Yes, I, who am generous with the side-eye any time I’m forced to walk through a cloud of someone’s poisonous vapour, and who loudly voices my disgust at the sight of carelessly discarded cigarette butts — I, too, have nicotine on my hands.
Back in Grade 8, for about a week, I partook of the evil weed. Though, since I can’t swear that I ever actually inhaled, I’m not 100 per cent sure it counts.
My habit, such as it was, consisted of stealing a single pack of cigarettes from my dad and squirreling them away in a hollowed out tree trunk on his acreage.

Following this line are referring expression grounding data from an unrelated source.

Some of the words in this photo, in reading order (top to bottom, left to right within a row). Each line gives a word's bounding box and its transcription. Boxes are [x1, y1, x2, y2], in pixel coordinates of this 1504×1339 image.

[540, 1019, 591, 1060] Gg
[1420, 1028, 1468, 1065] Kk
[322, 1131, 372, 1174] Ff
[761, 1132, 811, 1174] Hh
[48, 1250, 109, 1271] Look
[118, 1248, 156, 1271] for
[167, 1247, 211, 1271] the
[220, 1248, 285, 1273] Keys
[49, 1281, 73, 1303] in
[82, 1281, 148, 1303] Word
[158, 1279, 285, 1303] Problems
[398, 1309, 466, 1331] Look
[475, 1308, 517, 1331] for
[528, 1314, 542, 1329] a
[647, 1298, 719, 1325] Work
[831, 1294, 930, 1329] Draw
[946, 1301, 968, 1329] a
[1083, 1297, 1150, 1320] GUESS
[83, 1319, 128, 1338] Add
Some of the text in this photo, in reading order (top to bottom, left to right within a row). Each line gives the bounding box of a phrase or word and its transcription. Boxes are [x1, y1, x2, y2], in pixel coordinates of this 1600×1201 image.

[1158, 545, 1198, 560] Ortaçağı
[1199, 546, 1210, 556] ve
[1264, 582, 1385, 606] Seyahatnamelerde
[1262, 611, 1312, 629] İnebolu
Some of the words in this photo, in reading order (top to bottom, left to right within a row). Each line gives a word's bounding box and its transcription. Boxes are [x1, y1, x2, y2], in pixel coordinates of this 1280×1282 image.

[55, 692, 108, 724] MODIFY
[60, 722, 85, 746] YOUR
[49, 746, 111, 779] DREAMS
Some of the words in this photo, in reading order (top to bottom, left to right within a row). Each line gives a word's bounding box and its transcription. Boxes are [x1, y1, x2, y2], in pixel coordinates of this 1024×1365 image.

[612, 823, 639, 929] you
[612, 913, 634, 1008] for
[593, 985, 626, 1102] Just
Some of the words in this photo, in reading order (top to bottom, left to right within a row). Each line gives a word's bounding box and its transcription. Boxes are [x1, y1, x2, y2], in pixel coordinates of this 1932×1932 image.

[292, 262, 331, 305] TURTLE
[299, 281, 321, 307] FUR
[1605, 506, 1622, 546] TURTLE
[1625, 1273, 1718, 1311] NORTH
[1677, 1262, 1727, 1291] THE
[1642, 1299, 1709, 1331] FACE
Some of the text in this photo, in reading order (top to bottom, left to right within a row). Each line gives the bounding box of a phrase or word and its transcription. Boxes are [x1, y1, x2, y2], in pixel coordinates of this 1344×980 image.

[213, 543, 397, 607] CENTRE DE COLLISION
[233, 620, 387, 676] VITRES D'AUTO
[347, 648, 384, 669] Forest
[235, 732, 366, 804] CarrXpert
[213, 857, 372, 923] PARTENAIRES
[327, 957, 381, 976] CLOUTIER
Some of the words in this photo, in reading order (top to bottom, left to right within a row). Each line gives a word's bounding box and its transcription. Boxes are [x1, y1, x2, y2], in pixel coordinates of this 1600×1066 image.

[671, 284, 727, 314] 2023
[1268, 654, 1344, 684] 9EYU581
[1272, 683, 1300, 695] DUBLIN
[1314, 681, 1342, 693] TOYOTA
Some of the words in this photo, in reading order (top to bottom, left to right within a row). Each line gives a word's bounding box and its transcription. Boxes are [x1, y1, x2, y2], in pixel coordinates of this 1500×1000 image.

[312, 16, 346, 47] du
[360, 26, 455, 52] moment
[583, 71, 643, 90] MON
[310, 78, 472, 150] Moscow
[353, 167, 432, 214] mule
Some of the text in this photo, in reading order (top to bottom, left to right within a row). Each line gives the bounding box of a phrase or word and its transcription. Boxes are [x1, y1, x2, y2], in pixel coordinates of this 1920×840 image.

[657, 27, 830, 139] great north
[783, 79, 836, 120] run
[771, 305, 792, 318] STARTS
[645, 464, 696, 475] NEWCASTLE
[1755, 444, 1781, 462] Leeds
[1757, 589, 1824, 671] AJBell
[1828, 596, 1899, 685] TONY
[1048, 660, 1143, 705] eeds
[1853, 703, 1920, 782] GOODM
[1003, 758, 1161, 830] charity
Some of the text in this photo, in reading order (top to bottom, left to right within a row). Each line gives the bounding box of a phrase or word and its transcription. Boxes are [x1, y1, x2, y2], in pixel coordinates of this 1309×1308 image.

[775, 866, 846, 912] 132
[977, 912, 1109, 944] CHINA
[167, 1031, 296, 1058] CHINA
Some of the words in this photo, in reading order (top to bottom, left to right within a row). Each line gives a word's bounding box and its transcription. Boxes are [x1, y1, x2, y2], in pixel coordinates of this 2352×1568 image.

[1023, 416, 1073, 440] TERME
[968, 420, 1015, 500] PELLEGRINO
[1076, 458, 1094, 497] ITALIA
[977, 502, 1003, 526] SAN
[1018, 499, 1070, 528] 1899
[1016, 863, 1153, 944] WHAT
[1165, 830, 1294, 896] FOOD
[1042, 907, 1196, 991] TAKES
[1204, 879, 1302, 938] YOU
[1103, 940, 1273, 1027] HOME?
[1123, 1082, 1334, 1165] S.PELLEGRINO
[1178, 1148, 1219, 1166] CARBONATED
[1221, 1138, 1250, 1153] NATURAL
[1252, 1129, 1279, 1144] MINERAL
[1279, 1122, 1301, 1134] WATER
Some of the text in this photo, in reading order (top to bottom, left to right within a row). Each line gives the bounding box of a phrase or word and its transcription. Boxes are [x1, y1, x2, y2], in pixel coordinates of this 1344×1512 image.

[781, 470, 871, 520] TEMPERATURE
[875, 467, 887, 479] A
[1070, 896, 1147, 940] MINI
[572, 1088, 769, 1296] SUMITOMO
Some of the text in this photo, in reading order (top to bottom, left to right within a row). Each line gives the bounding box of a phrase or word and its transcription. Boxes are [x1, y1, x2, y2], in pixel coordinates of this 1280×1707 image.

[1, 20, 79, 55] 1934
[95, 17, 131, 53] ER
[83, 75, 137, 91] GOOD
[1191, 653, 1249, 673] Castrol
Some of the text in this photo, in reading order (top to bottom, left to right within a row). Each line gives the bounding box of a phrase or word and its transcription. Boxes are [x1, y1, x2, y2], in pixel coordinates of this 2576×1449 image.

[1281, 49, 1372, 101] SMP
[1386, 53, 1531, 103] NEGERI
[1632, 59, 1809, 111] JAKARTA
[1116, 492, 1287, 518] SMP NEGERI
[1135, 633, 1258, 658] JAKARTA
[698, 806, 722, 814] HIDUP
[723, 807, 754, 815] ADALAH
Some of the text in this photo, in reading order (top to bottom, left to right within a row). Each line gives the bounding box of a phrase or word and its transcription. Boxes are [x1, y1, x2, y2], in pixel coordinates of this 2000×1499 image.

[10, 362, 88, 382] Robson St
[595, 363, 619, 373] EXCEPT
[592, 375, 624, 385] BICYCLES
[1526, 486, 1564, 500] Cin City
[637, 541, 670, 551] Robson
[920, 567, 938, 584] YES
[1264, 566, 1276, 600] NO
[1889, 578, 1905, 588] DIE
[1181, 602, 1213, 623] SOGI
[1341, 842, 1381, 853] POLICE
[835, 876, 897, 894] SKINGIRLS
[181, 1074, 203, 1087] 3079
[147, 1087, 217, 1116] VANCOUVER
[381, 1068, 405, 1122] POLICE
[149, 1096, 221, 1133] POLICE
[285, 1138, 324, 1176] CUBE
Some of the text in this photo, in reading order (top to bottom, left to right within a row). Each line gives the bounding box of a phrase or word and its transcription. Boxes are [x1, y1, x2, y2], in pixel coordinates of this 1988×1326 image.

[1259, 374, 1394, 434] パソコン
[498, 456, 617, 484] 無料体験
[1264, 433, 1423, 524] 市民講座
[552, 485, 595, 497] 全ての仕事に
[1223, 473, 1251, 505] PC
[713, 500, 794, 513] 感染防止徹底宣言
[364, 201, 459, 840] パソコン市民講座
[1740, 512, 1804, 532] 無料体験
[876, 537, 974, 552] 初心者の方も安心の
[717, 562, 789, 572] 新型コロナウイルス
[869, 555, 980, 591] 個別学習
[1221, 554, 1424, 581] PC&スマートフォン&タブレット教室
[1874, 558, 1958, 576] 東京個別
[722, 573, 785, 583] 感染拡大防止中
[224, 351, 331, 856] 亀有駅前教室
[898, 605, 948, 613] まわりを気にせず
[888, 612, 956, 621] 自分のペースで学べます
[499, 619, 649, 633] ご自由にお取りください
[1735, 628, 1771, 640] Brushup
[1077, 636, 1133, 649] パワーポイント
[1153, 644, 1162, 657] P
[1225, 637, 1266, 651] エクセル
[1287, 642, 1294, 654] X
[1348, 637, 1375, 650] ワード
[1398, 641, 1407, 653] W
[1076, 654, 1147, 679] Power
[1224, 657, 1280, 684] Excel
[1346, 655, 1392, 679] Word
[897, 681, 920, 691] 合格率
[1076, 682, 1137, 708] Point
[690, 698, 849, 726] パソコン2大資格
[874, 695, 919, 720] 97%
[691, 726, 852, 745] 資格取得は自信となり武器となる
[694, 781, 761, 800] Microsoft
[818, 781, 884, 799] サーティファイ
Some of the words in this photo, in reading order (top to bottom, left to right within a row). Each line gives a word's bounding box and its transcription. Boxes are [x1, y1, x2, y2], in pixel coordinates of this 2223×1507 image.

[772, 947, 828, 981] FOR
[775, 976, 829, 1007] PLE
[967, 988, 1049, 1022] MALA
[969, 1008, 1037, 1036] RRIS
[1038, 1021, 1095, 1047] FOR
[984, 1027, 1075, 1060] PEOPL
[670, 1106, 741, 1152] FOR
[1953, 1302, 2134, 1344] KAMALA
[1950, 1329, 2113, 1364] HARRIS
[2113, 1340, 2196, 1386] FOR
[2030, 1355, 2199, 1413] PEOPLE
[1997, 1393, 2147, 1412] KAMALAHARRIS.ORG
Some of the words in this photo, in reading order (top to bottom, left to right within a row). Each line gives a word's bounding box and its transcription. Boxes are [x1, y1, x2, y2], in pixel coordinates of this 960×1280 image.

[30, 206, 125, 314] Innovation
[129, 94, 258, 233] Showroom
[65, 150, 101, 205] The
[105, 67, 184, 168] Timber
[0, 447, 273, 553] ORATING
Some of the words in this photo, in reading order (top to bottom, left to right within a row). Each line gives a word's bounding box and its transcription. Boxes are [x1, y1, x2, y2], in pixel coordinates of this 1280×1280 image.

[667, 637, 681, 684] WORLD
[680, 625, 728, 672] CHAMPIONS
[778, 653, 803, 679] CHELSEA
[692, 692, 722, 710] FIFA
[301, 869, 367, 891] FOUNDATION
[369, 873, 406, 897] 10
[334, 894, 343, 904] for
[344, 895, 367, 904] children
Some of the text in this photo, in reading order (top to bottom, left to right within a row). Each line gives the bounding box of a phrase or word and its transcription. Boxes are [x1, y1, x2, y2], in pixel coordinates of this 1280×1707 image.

Then, when the opportunity presented itself, I would sneak out and light up among the trees — often when I was out for a ride on my little Appaloosa.
All was going as planned, until the day I accidentally left the pilfered pack on the bathroom counter, where it was discovered within a matter of minutes.
I can still see my dad standing over me, holding the half-empty package and asking, “Are these yours?”
“Well, no,” I replied. “Technically they’re yours.” (My inner smart-ass has never had a great sense of timing).
I’m actually glad I got caught.
Though, truth be told, I’d already weighed the pros and cons of my new pastime and found the scales tipping sharply toward the cons — bad breath, yellow fingers and teeth, the opportunity to look old before my time, the (eventual) expense and, at 13, the added stress of all that secrecy.
That’s not even taking into account the serious health risks, because what 13-year-old is thinking about that?
Was it that I looked cool? I’m sure my horse was very impressed.
Like most smokers, I imagine, I don’t know why it seemed like a good idea to light up and take that first drag.
For those who are in the grips of an honest to goodness addiction, I feel nothing but compassion.
Quitting anything that makes you feel better — even temporarily — however bad for you, is hard.
But help is available.
Today is Weedless Wednesday. Not coincidentally (one assumes) it falls in the middle of National Non-Smoking Week.
And right now, through a provincial smoking cessation program, eligible B.C. residents can get free nicotine replacement therapy products, including nicotine gum, lozenges, an inhaler or the patch, by going to quitnow.ca.
Every little bit of support helps, but while the intent is laudable, the timing would be laughable, if any of us actually felt like laughing.
Yes, January is, however arbitrarily, a time for fresh starts.
“New year, new you,” and all that.
But let’s stop for a moment and really consider January. It’s cold (as we’ve lately rediscovered), it’s wet and it’s dark.
The festive holiday season is behind us and unless we’ve scheduled a sunshine getaway, all we have to look forward to is Valentine’s Day. (I’ve yet to meet anyone who gets excited about Feb. 14, but I’m sure those lovesick weirdos are out there somewhere).
The official day to quit smoking is scheduled in a week that begins with what is widely accepted as the most depressing day of the year. It even has a depressing name — Blue Monday.
It hardly seems like a recipe for success to ask people to give up something that gives them comfort when they have the least to look forward to — unless you enjoy a surge of
righteous indignation (and who doesn’t?) Those come free with being non-smoker.
None of this is to say you shouldn’t give quitting a shot, if you’re ready.
Prognosticated gloom aside, whether you decide to butt out for good in January or July, today is as good a day as any to begin weighing the pros and cons of going weedless.